Tantôt il semble nous emmener dans une ambiance froide et hivernale. On entendrait presque le souffle du vent caresser les plaines désertes de l’Islande. Tantôt ses notes féériques semblent nous compter une histoire et plongent l’auditoire dans une torpeur contemplative. Dans la même lignée que le premier album “Low Roar”, les nouveaux morceaux de “0” évoquent une nature à la fois rude, mais apaisante. La composition reste un mélange de sonorités douces et mélodieuses, laissant transparaître la touche mélancolique de l’artiste, déclinée avec plus ou moins de force et de puissance selon les titres.

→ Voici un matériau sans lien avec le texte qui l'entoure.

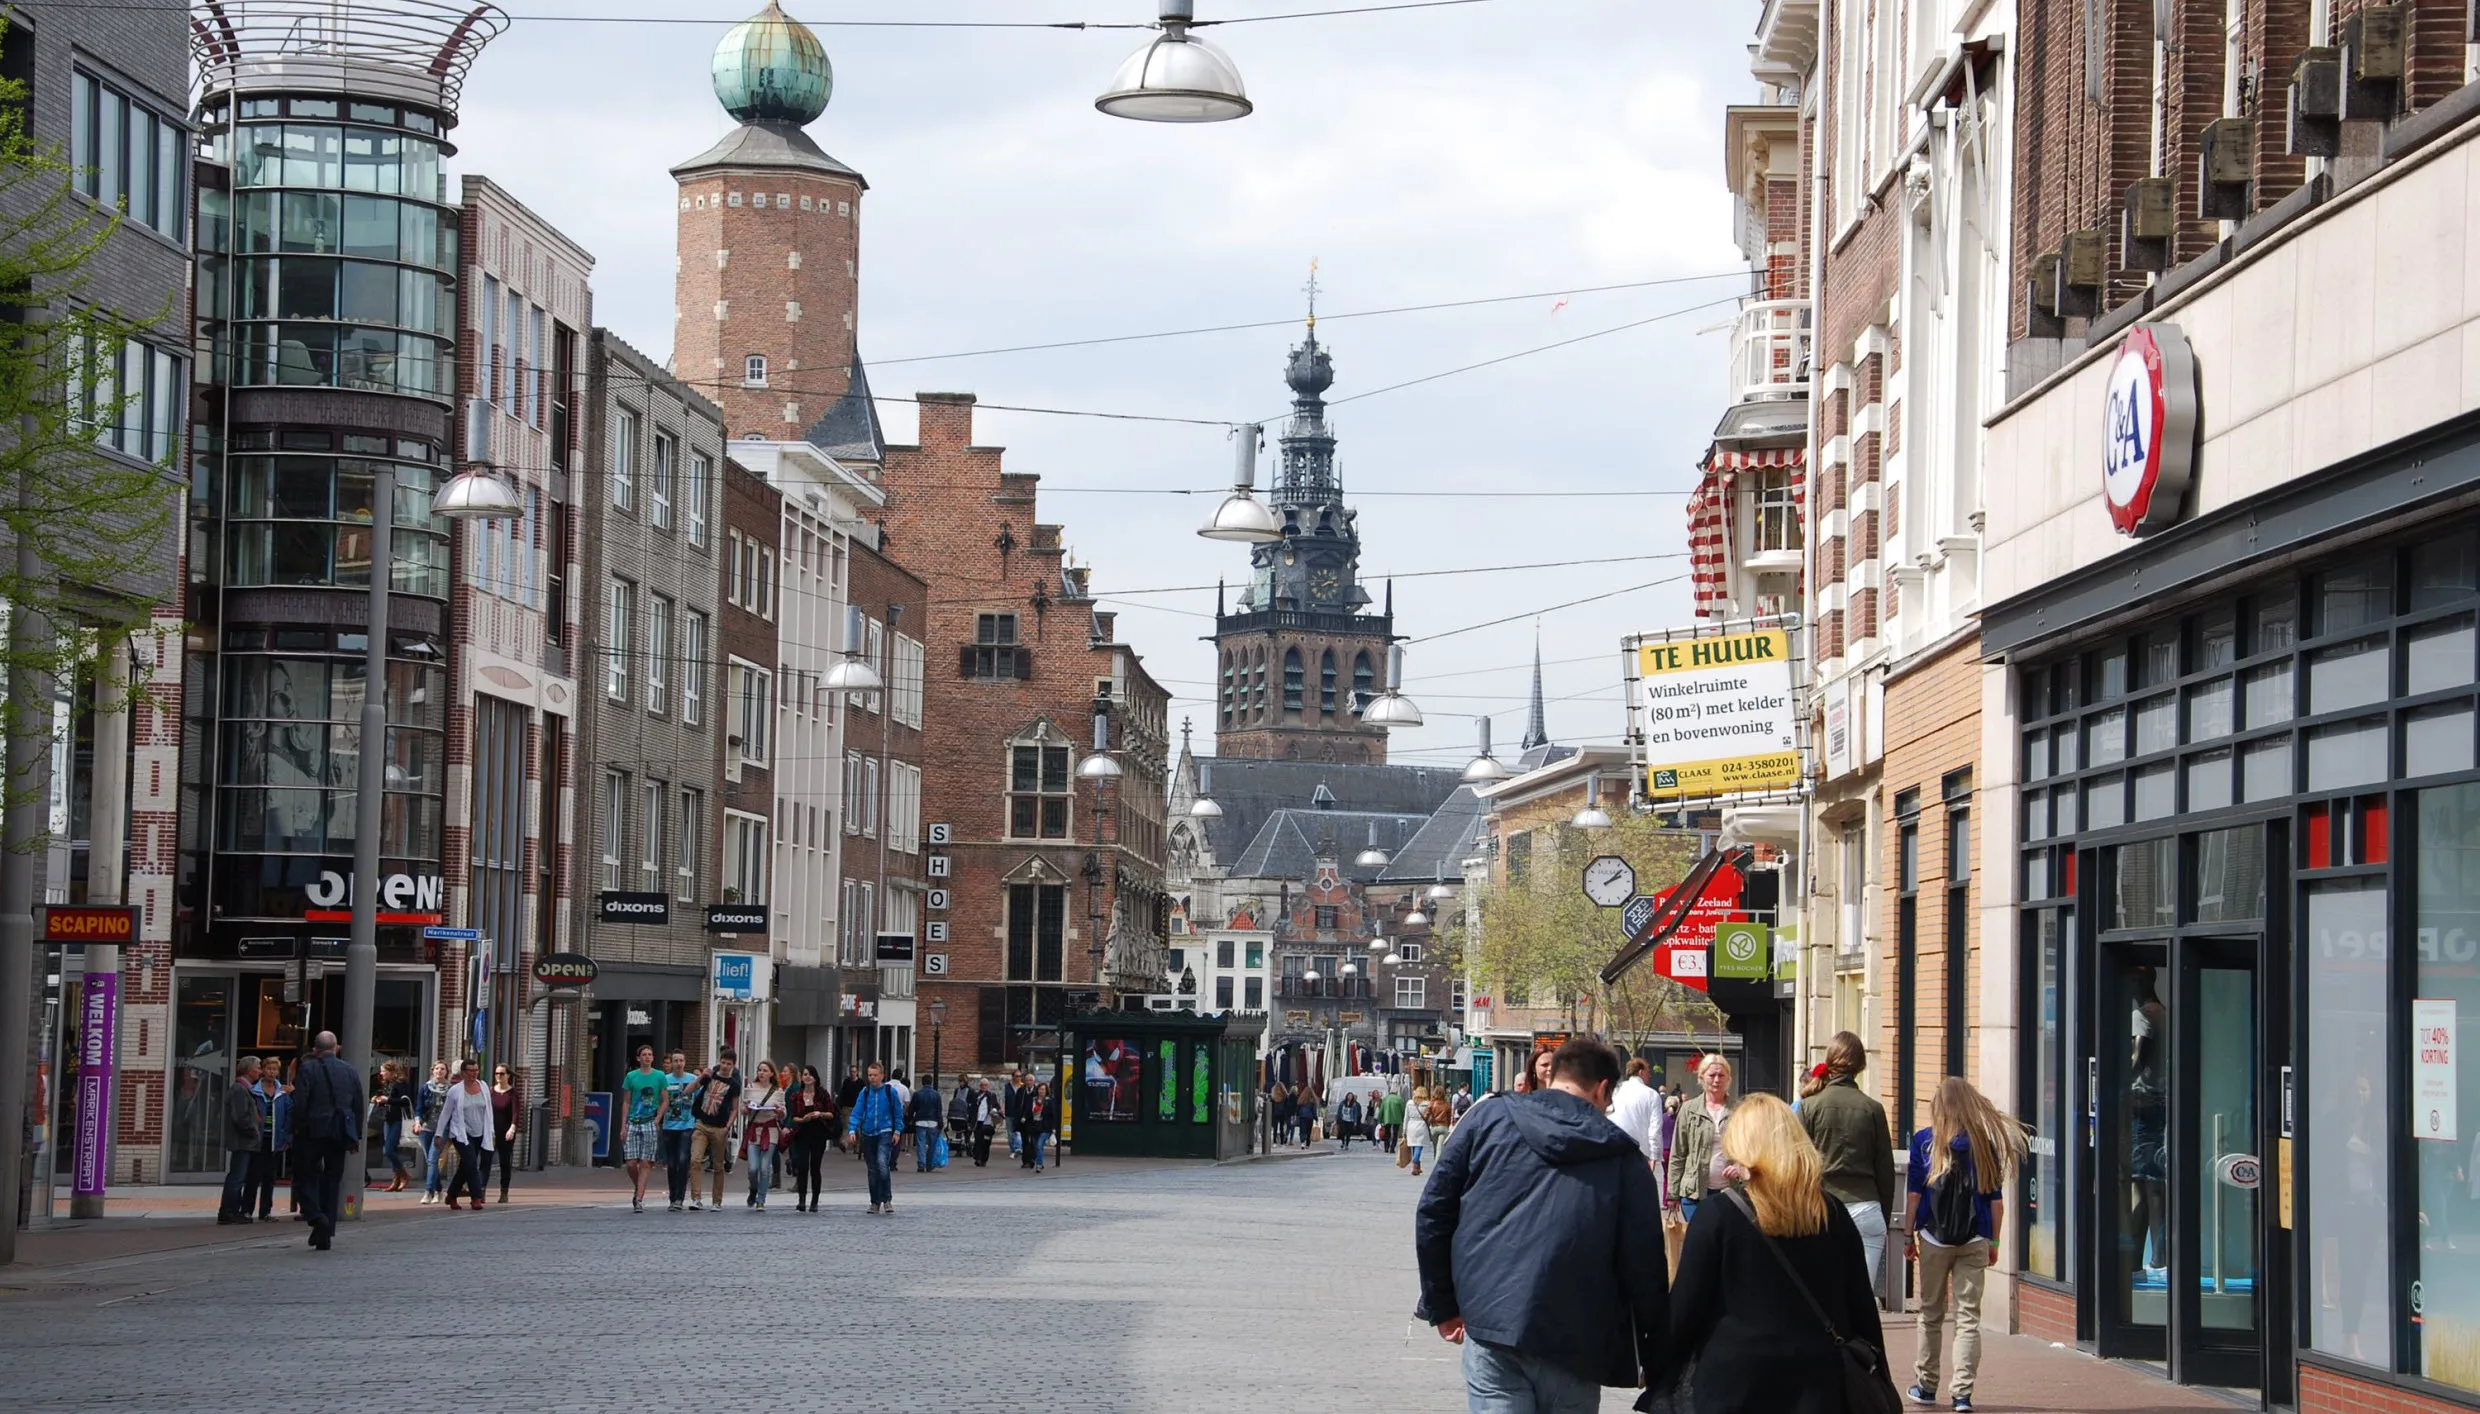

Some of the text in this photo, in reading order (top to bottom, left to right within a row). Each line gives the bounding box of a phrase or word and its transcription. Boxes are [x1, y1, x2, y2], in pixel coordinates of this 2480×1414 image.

[2107, 378, 2145, 477] C&A
[1650, 636, 1774, 670] TE HUUR
[1649, 678, 1748, 699] Winkelruimte
[1706, 701, 1734, 716] met
[1738, 695, 1785, 712] kelder
[1652, 719, 1774, 744] en bovenwoning
[1678, 757, 1794, 780] CLAASE 024-3580201
[1723, 767, 1796, 783] www.claase.nl
[605, 901, 665, 914] dixons
[929, 826, 945, 972] SHOES
[1697, 897, 1732, 907] Zeeland
[49, 915, 130, 934] SCAPINO
[711, 912, 764, 924] dixons
[722, 962, 749, 977] lief!
[86, 992, 105, 1066] WELKOM
[2420, 1027, 2449, 1045] TOT 40%
[2421, 1049, 2449, 1065] KORTING
[82, 1080, 97, 1186] MARIKENSTRAAT

Alors que la tension monte progressivement, que le public est peu à peu exalté par « Nobody loves me like you »… la musique s’arrête brusquement. L’ingénieur bondit de sa chaise et l’équipe technique s’empresse de maîtriser le problème, tandis que les spectateurs dans la salle sont sonnés, brusquement retirés de leur rêverie. Pendant plusieurs minutes, le son semble continuer à résonner dans l’espace creux de la salle parcourues de murmures. Les gens dédramatisent la situation en plaisantant. Peut-être que c’est la puissance de la sono qui a fait sauter les plombs de la salle? En même temps, Ryan Karazija était en train de nous emporter tellement loin.. Mais, on se doute bien que la situation est anormale pour une salle comme celle du Point Éphémère.

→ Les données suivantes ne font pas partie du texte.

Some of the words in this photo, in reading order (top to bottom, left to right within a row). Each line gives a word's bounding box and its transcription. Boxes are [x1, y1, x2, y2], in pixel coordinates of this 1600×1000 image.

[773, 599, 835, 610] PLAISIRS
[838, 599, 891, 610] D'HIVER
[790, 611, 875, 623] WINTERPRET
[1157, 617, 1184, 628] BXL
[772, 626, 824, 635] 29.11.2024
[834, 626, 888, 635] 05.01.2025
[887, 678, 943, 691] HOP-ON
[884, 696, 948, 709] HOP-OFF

Le concert aurait pu s’arrêter là. Fini les petits effets de lumière et les gadgets servant à moduler voix et sons. Mais le chanteur, aussi désemparé que son public, va sauver la situation et transformer avec le seul instrument qui lui reste (sa guitare) la soirée en acoustique session.

Low Roar

Évidemment, le rendu n’est pas le même. En l’espace de quelques instants, on passe de l’artiste de musique à tendance expérimentale, mélangeant rock indé et électro, au chanteur folk, mélancolique (encore plus) et romantique. Mais l’avantage d’une telle expérience, c’est qu’on perçoit avec évidence le travail prodigieux qui a été fourni pour chaque morceau, pour chaque associations de sons. L’artiste a fait une véritable recherche derrière chaque titre pour les modeler à sa guise et en faire ressortir les émotions et les sons qu’il voulait. Le titre “Dreamer”, certes très acoustique à l’origine, adopte ce soir là une allure différente, plus pure et aérienne.

Finalement, il aura quand même eu le temps d’interpréter sous leurs versions originales ses titres les plus connus tels que “Tonight tonight tonight” ou “Patience”.  Ce concert marque par l’incident technique (assez rare quand même) et l’originalité de cette dualité qui permet de révéler le talent à l’état brute de Ryan Karazija. Pensée émue pour l’ingé son, qui a du passer un sale moment quand même.